Improving Formative Assessment – Learning How to Surf
This past week, members of the Elk Grove and Sanger teams participated in the site visit consultancy hosted by Eric and his team in Oceanside. Our goal with this visit was to see a High Leverage Team Action (HLTA) in place and to investigate the possibility of implementing a version of Embedded Days in our districts. We participated with some of Oceanside’s eighth grade math teachers, with Eric facilitating the training. He led us through the formative assessment cycle--observing, analyzing, planning, and executing throughout the day.
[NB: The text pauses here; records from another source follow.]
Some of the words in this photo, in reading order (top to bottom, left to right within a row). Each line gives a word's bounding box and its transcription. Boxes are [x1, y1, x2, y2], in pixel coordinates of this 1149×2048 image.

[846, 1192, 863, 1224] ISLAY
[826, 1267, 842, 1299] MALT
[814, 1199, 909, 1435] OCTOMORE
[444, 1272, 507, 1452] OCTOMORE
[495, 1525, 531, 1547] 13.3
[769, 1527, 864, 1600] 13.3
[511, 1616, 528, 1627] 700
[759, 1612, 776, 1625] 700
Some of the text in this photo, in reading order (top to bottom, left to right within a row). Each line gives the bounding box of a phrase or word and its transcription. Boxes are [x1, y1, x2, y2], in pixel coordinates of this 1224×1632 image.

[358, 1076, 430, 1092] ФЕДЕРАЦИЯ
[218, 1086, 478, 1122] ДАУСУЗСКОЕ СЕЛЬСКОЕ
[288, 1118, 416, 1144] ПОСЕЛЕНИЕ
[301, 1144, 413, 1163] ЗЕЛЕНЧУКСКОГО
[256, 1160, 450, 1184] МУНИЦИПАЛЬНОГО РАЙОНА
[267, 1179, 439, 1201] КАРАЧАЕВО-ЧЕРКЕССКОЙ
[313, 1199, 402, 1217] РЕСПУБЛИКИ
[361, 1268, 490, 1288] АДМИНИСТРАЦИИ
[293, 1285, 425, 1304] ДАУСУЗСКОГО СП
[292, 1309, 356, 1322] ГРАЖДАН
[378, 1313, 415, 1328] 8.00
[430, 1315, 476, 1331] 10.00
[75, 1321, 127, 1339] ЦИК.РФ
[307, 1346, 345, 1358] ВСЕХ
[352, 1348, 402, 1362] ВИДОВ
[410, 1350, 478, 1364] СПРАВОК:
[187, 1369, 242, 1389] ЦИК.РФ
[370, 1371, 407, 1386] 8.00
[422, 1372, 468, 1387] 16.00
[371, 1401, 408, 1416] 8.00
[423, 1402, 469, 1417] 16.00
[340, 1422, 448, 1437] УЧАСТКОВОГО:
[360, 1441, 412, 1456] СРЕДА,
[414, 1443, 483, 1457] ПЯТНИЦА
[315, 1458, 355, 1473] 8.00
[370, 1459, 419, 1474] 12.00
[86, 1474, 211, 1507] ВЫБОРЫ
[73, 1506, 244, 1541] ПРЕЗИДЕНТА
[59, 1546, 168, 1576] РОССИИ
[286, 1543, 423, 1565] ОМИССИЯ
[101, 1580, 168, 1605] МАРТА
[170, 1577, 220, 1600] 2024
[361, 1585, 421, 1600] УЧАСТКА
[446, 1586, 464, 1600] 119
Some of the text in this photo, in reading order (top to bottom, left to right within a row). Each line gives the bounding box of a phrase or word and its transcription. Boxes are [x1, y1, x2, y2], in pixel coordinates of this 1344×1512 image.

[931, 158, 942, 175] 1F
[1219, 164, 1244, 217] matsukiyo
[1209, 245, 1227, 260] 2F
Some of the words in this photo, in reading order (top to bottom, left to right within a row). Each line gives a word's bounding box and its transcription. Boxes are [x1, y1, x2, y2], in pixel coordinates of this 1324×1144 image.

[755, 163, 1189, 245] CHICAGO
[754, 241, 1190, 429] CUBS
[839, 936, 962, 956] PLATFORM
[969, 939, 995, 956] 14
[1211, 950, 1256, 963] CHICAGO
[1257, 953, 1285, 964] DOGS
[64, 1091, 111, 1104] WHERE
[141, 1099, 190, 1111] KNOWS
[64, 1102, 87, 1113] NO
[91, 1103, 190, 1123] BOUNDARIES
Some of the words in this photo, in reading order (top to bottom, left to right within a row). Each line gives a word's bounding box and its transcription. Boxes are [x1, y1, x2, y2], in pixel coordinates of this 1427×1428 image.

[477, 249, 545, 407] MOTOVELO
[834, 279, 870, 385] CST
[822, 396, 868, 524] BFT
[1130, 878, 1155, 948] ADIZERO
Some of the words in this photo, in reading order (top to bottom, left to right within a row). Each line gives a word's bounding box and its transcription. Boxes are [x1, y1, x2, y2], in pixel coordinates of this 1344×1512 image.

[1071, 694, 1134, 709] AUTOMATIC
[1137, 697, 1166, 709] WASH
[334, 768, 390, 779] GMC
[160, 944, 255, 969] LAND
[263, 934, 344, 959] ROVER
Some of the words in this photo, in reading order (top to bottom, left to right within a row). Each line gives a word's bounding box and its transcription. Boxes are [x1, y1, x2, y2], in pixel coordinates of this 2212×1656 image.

We were reminded about the Popham principle and that when the formative assessment process is well-implemented in the classroom, it can essentially double the speed of student learning. The formative assessment cycle is like surfing. The mathematical task that we were adjusting for students was the surfboard, or the tool, but that was only a part of the process. Our “surfing” consisted of implementing progressive steps, working with the group to familiarize ourselves with the content, analyzing and classifying student work, presenting and observing class discussions, debriefing and classifying student responses, and refining the teaching/learning process.
The structure of the embedded day allowed us to work together as a team to refine the formative assessment cycle. We paddled out to the precise location, selected the right waves, chose the right moments to catch those waves, stood up, rode our wave in, came back together and tried the process again. At the end of the day we became better “surfers” (and better teachers).